As your memory store grows, you may increasingly align outputs with how the team actually operates. When you also store procedural memories about execution and outputs (including people who required adjustments), your context builder can step by step improve the way it uses memory over time.
Interactions between the three context components
To cut back complexity, to date, we made a transparent split between the three components of an efficient context — knowledge, tools, and memory. In practice, they are going to interact with one another, especially as your system matures:
- Tools may be defined to retrieve knowledge from different sources and write various kinds of memories.
- Long-term memories may be written back to knowledge sources and be made persistent for future retrieval.
- If a user often repeats a certain task or workflow, the agent may also help them package it as a tool.

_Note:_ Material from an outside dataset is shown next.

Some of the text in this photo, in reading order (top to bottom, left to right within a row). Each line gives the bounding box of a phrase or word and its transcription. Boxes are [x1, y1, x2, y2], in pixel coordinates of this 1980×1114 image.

The duty of designing and managing these interactions known as orchestration. Agent frameworks like LangChain and DSPy support this task, but they don’t replace architectural pondering. For more complex agent systems, you would possibly determine to go for your personal implementation. Finally, as already said at the start, interaction with humans — especially domain experts — is crucial for making the agent smarter. This requires educated, engaged users, proper evaluation, and a UX that encourages feedback.
Summing up
When you’re starting a RevOps forecasting agent tomorrow, begin by mapping:
- What information sources exist and are used for this task (knowledge)
- Which operations and computations are repetitive and authoritative (tools)

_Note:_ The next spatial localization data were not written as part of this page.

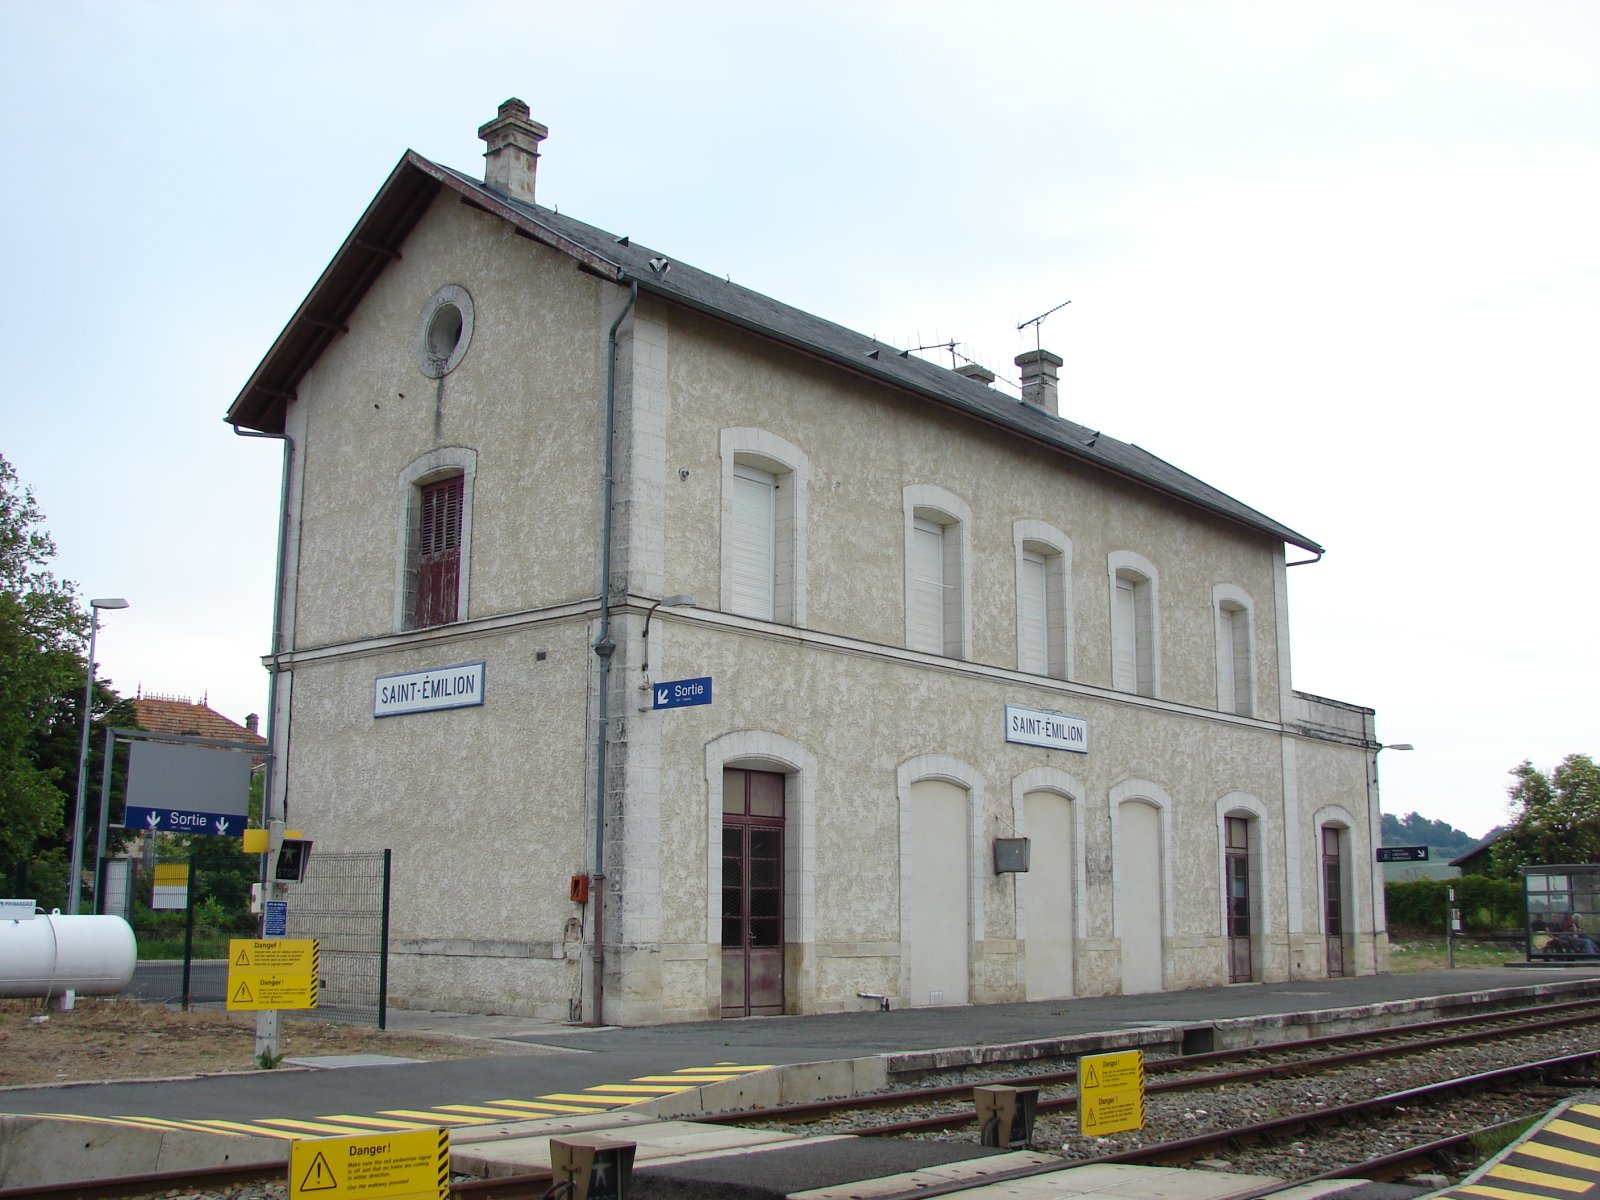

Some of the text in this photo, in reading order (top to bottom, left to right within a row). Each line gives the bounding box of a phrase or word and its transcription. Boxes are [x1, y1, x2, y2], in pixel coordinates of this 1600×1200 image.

[674, 683, 704, 697] Sortie
[170, 812, 207, 826] Sortie
[349, 1142, 391, 1156] Danger!
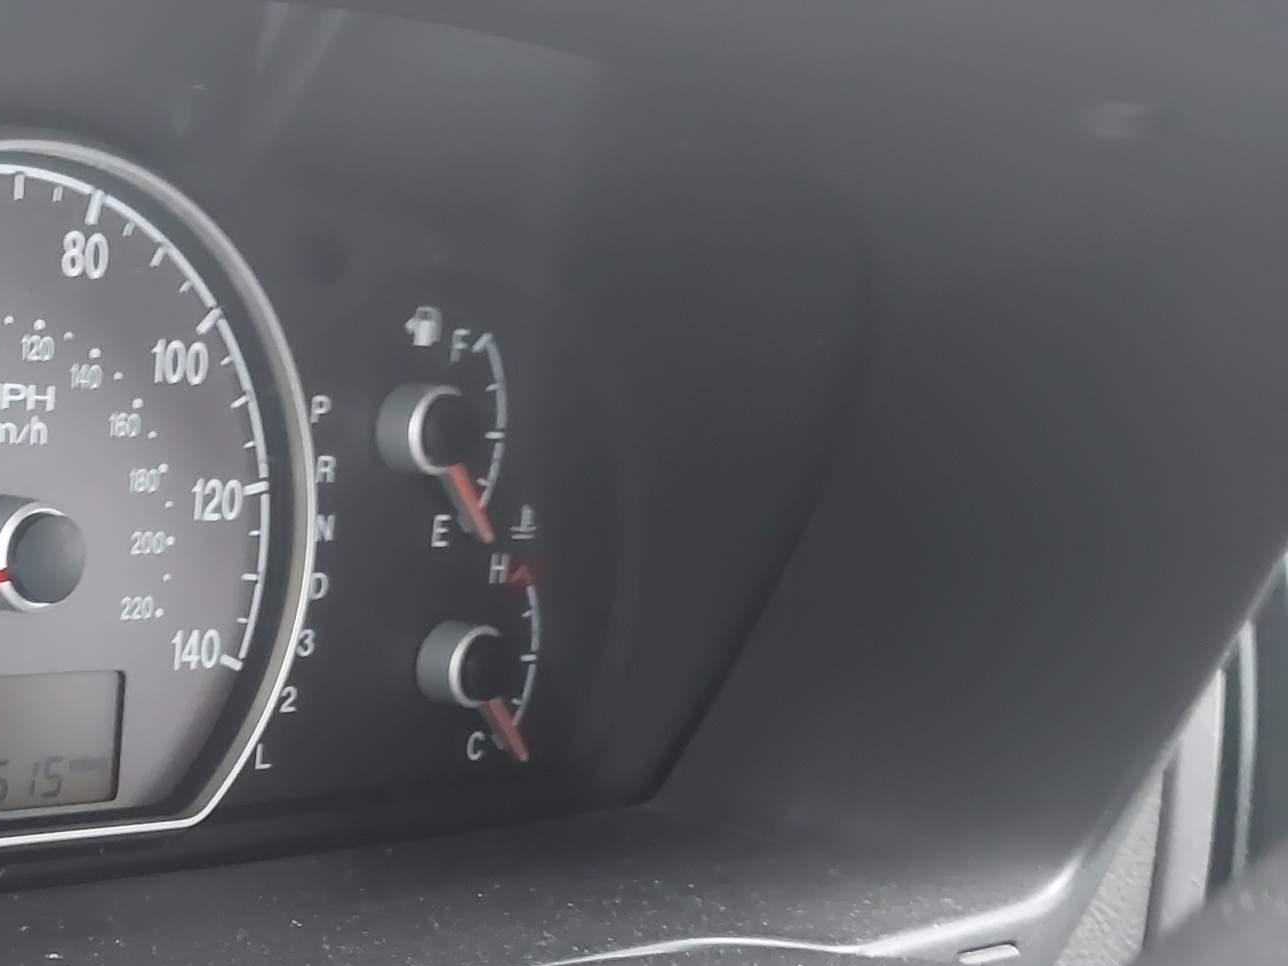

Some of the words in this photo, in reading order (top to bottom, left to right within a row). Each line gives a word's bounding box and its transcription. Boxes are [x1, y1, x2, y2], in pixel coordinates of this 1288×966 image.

[62, 230, 109, 279] 80
[21, 334, 55, 362] 120
[450, 328, 471, 362] F
[151, 340, 209, 385] 100
[311, 395, 332, 422] P
[316, 455, 336, 484] R
[192, 479, 243, 521] 120
[314, 514, 334, 542] N
[431, 514, 450, 548] E
[130, 530, 166, 555] 200
[489, 553, 508, 584] H
[312, 573, 329, 600] D
[120, 595, 154, 621] 220
[171, 629, 222, 671] 140
[296, 630, 316, 657] 3
[279, 687, 298, 713] 2
[255, 744, 272, 769] L
[466, 732, 485, 761] C

- Which workflows decisions require continuity (memory)
In the long run, context engineering determines whether your AI system reflects how your corporation actually works or merely produces guesses that “sound good” to non-experts. The model is interchangeable, but your unique context shouldn’t be. When you learn to represent and orchestrate it deliberately, you may turn generic AI capabilities right into a durable competitive edge.